Over the past few years, Morocco has made significant strides in improving its overall business environment. Private sector development, as a major driver for growth and job creation, topped the government’s priorities. The National Committee for the Business Environment (CNEA) was set up to roll out reforms to improve the business climate, in coordination with private sector players. Important reforms and initiatives to spur private sector growth have subsequently taken place to improve competition, reduce red-tape, and boost manufacturing ecosystems.
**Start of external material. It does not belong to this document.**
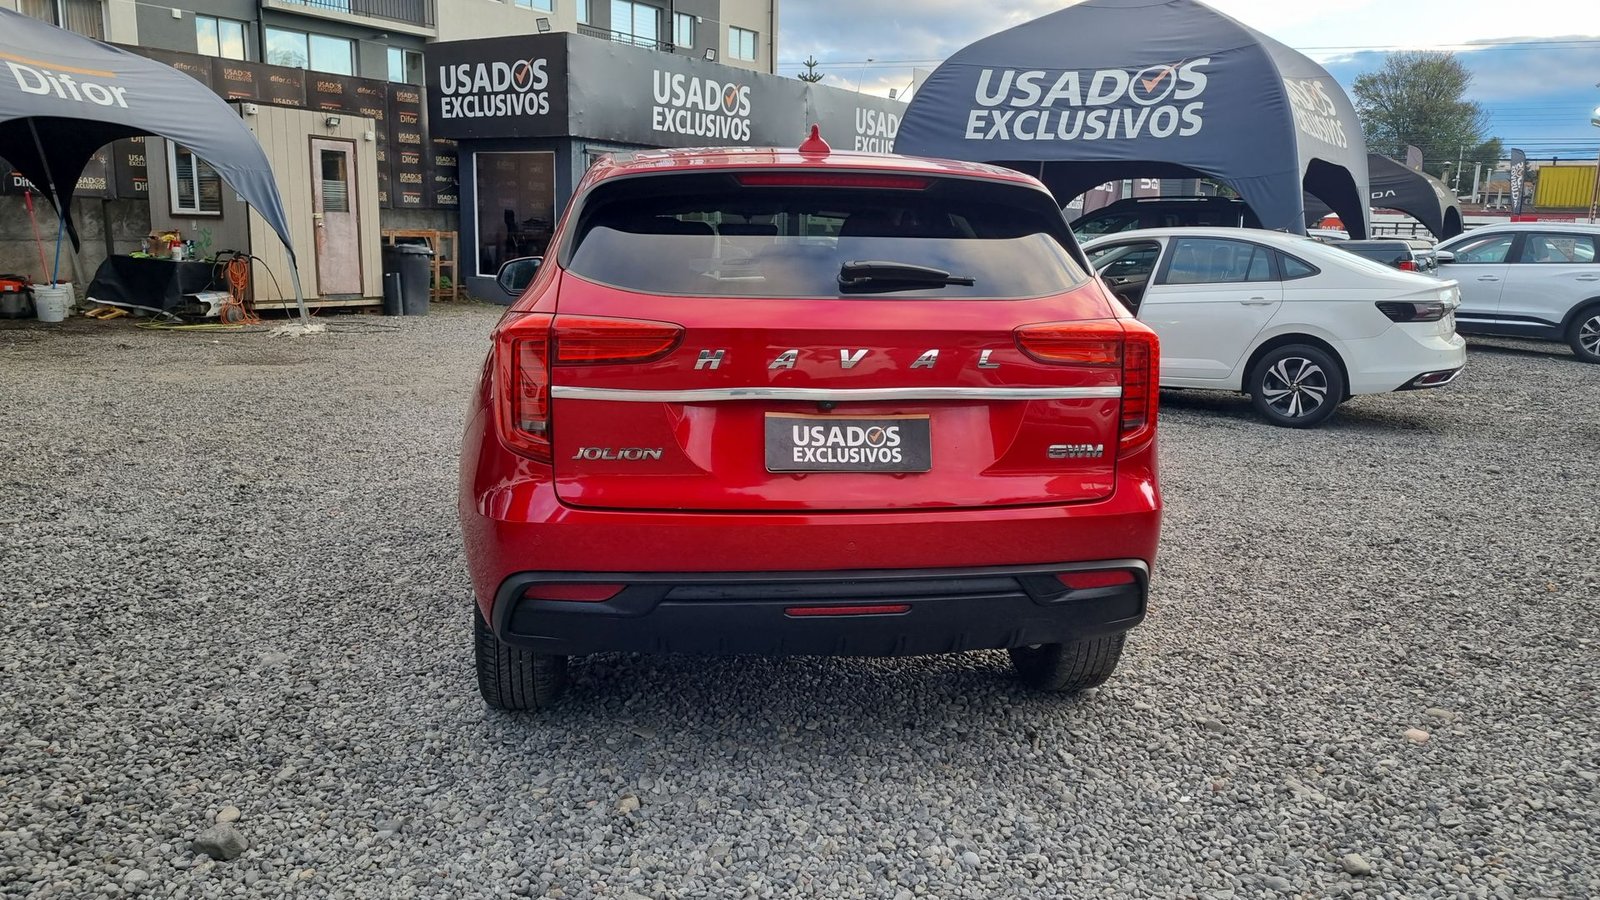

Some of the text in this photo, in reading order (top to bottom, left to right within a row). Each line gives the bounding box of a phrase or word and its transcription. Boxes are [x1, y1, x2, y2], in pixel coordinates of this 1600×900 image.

But today, Morocco, like many other countries across the globe, sees the momentum of its business environment reform stymied by the Covid-19 outbreak. From large firms to the smallest businesses, Morocco’s enterprise ecosystem is starting to feel the effect of the global and domestic downturn.
At the World Bank Group, the Country Enterprise Survey is an effective tool to monitor and assess private sector productivity. Right before the Covid-19 pandemic, the World Bank Group, in collaboration with CNEA, conducted the survey in Morocco from May 2019 to January 2020, interviewing managers of 1,096 formal sector firms across the Kingdom, based on a representative sample provided by CNEA and Morocco’s Planning agency (HCP). As the pandemic broke out, a follow-up survey was conducted between July and August 2020 to assess the preliminary impact of the crisis. It is important to stress at the outset that the survey does not capture the 4.3 million households who depend on informal sector work – be it through self-employment or wage employment in informal firms.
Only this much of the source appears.